Litigation » A New Tool for Restoring Sound Science in the Courtroom

A New Tool for Restoring Sound Science in the Courtroom

By Eric Lasker

January 24, 2024

gavel in courtroom

Eric Lasker is a partner at Hollingsworth LLP, where he specializes in the defense of toxic tort, product liability and environmental litigation. He is the co-author of Defending Daubert: It’s Time to Amend Federal Rule of Evidence 702.

For the business community — manufacturers, innovators, and the agriculture and energy sectors — the proper application of the scientific method is essential.  Businesses that proceed based on untested technologies or speculative guesswork are generally doomed to failure.

However, one U.S. business hasn’t been so bound: the private plaintiffs’ bar. For decades, plaintiff attorneys have secured enormous payouts by filing mass toxic tort, products liability and environmental lawsuits based on scientific hypotheses that cannot be validated. For example, Bayer is currently facing thousands of lawsuits and billion-dollar liabilities for cancers allegedly caused by the herbicide glyphosate which the United States Environmental Protection Agency and international regulators have studied extensively for decades and repeatedly concluded does not cause cancer.

It wasn’t always this way. Indeed, private litigation once played an important role in improving public health and the environment. Early lawsuits properly targeted products like tobacco and asbestos that had been scientifically shown to cause injury and historical waste disposal practices that had polluted our air, water and land.

However, as the financial incentives for mass litigation increased and plaintiffs’ counsel began searching for “the next asbestos,” sound science was abandoned. Plaintiffs’ attorneys targeted products like vaccines, the morning sickness drug Bendectin and breast implants, with little or no credible scientific evidence. Instead, they spun conspiracy stories, exploited anti-business bias and cultivated experts who spewed science-sounding speculation.

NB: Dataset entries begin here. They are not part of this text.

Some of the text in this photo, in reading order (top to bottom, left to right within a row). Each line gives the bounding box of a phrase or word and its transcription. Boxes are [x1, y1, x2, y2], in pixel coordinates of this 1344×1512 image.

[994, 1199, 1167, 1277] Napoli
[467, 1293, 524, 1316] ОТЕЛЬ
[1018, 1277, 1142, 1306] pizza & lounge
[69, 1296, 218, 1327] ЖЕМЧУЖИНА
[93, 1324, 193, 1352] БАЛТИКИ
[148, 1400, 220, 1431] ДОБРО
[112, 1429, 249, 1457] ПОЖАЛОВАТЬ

The United States Supreme Court sought to stem this tide in its 1993 Daubert v. Merrell Dow Pharmaceuticals Inc. decision, charging trial judges with the role of gatekeeper to protect jurors from unreliable scientific expert testimony. Two further rulings in the 1990s — General Electric Co. v. Joiner and Kumho Tire Co. v. Carmichael — completed the Daubert trilogy. In 2000, the U.S. Judicial Conference amended Federal Rule of Evidence 702 to codify a more rigorous and structured approach for determining the admissibility of expert testimony.

Plaintiffs’ attorneys chipped away at these evidentiary protections, often relying on cases that pre-dated the 2000 amendments to Rule 702 or even the Daubert opinion itself. Plaintiff-friendly courts failed to hold plaintiffs to the preponderance of the evidence standard to establish the admissibility of expert testimony, avoided the hard but necessary work of ensuring that expert testimony reflected a reliable application of the scientific method, and passed along the complicated task of sifting through powerful and misleading expert testimony to lay juries.

 On December 1, 2023, an important step was taken towards restoring scientific integrity in the courtroom. After eight years of deliberation, the U.S. Judicial Conference Rules Committee amended Rule 702 once again, expressly adding the preponderance of the evidence standard into the rule and strengthening the Rule’s reliability requirements.

In explaining the amendment, the Committee admonished the many courts that had held “that the critical questions of the sufficiency of an expert’s basis, and the application of the expert’s methodology, are questions of weight and not admissibility,” explaining that “[t]hese rulings are an incorrect application of Rule 702 and 104(a).” The Committee also took aim at courts admitting expert testimony that started with reliable facts and reliable methodologies but then stretched beyond what those facts and methodologies would reasonably support.

This is often the most challenging step in a court’s gatekeeping function because it requires close scrutiny of the analyses and reasoning by which experts reach their opinions. As the Committee explained, “judicial gatekeeping is essential because just as jurors may be unable, due to a lack of specialized knowledge, to evaluate meaningfully the reliability of scientific and other methods underlying an expert’s opinion, jurors may also lack the specialized knowledge to determine whether the conclusions of an expert go beyond what the expert’s basis and methodology may reasonably support.”

In amending Rule 702, the Committee steered the courts back toward sound science. However, history tells us to expect renewed pushback from the plaintiffs’ bar and recalcitrance from courts. Businesses and advocates of sound science must remain vigilant, fully understanding and explaining the amended Rule to ensure that the plaintiffs’ bar is guided in the future by the same standard of scientific knowledge that governs and improves the rest of society.